The Winnipeg Jets aren’t at the forefront of anyone’s radar in the race for the Stanley Cup. They have no playoff pedigree—the first-round win over the Minnesota Wild was the first in franchise history. They don’t have recognizable names and aren’t in a media hub—even if they were inside the U.S., that area on the border of Minnesota and the Dakotas where they sit, isn’t exactly a media hotbed. Winnipeg will be an underdog to the Nashville Predators when the second round of the playoffs opens later this week.
But don’t overlook the Jets. In the playoff preview posted here a couple weeks ago, it was noted that Winnipeg is the only team in the NHL to finish in the top five in both goals scored and goals against. Their power play work, both offensively and defensively, was in the top ten. They have a balanced offense and a goaltender good enough to win a Stanley Cup with.
Patrik Laine doesn’t have the name recognition of an Alex Ovechkin, but Laine’s 44 goals during the regular season were the second-most in the NHL. Kyle Connor’s name isn’t casually dropped with Connor McDavid’s when it comes to the best young players in the sport, but Connor scored 31 goals. Winnipeg’s offensive depth didn’t get the same publicity as Tampa Bay’s, during the season, but the Jets produced six players with at least 20 goals.
That balance was on display during the five-game dispatching of Minnesota. It was Mark Schiefele who got the biggest goals of the series in the clutch Game 4 road win that put a stranglehold on the series. Dustin Byfuglien, the defenseman who facilitates so much offensive activity was tied for leading point producer in the series solely on his five assists.
What was most impressive about Winnipeg though was the way they opened the series and the way they closed it. Generating shots on goal is this team’s one weakness—they were only 15th in the league during the regular season. But you wouldn’t have known it the way they assualted poor Wild goalie Devan Dubnyk. Winnipeg hit him with 40 shots in Game 1 and 44 more in Game 2 (for those that don’t follow hockey until the playoffs, 30 is a good baseline number to use for shots on goal). In Game 5, the Jets beat Dubnyk with four goals on ten shots in the first period alone, en route to a 5-0 rout.
At goalie, Connor Hellebuyck posted a 92.4% save rate during the regular season (92.0 is a good baseline here and clearing that by 0.4% is statistically significant). Hellebuyck hit 92.4 on the nose in the five games against the Wild. More important was his play in clutch situations, where he delivered consecutive shutouts to close the series after Minnesota’s Game 3 win had put some pressure on.

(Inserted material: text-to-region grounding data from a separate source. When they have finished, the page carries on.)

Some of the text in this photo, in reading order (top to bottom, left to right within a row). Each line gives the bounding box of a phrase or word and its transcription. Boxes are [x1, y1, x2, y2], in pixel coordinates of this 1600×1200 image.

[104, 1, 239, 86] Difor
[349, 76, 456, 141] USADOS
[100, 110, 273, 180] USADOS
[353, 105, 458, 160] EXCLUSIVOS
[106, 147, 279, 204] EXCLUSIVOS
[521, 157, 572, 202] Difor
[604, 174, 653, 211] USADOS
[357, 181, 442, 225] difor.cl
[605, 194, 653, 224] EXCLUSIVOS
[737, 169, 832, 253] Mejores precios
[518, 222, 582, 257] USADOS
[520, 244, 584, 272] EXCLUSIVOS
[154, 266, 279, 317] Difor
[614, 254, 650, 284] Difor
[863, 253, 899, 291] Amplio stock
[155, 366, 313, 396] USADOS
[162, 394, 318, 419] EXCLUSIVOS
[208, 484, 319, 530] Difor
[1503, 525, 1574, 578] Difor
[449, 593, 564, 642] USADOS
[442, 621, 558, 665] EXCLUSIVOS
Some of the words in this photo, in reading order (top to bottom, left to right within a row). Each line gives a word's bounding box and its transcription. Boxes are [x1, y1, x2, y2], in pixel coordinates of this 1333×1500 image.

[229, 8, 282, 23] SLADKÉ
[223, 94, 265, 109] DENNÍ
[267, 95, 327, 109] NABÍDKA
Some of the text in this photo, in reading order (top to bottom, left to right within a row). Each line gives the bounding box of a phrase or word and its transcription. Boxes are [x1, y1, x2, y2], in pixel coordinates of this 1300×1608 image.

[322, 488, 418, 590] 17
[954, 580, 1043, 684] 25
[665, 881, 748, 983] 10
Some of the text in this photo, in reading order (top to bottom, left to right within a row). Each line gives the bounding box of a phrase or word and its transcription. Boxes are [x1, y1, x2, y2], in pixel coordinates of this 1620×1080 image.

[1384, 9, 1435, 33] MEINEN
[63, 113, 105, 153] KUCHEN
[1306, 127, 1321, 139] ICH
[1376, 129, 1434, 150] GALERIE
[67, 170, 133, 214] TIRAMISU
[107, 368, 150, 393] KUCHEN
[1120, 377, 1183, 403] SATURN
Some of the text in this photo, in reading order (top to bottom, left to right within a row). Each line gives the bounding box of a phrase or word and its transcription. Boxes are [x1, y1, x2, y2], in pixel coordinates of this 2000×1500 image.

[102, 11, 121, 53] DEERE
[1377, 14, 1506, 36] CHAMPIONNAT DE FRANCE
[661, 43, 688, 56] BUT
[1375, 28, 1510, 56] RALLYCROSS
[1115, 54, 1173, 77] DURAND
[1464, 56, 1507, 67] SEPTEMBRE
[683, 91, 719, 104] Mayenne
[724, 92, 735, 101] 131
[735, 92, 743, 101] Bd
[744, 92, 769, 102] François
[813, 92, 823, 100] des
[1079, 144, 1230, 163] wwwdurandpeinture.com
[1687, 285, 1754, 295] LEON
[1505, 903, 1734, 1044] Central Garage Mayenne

I won’t go as far as some local Winnipeg announcers did in Game 5, when they dropped Hellebuyck’s name in with Martin Brodeur and Dominic Hasek. Hey, before we mention him with all-time greats, let’s at least see Connor get to the conference finals. But there’s no question that at a time of year that can belong to a hot goalie, the Jets have one capable of carrying them.
Winnipeg’s odds of winning the Cup are 11-2. That places them fourth among the 10 teams still alive. But they’ll likely slip to fifth if Boston can close out their first-round series with Toronto either tonight or Wednesday. The Jets could also fall behind the Washington Capitals in the eyes of the smart money, should the Caps do the same. Winnipeg will be an underdog to Nashville in the coming Division Finals and would surely be a dog to the Vegas Golden Knights if that’s the Western Conference Finals matchup.
But I’m high on these Jets and anticipate a terrific series with the Preds in our immediate future. And I’ll go out on the modest limb and say that the franchise that waited eighteen years for its playoff series win will only have to wait another couple weeks for its second.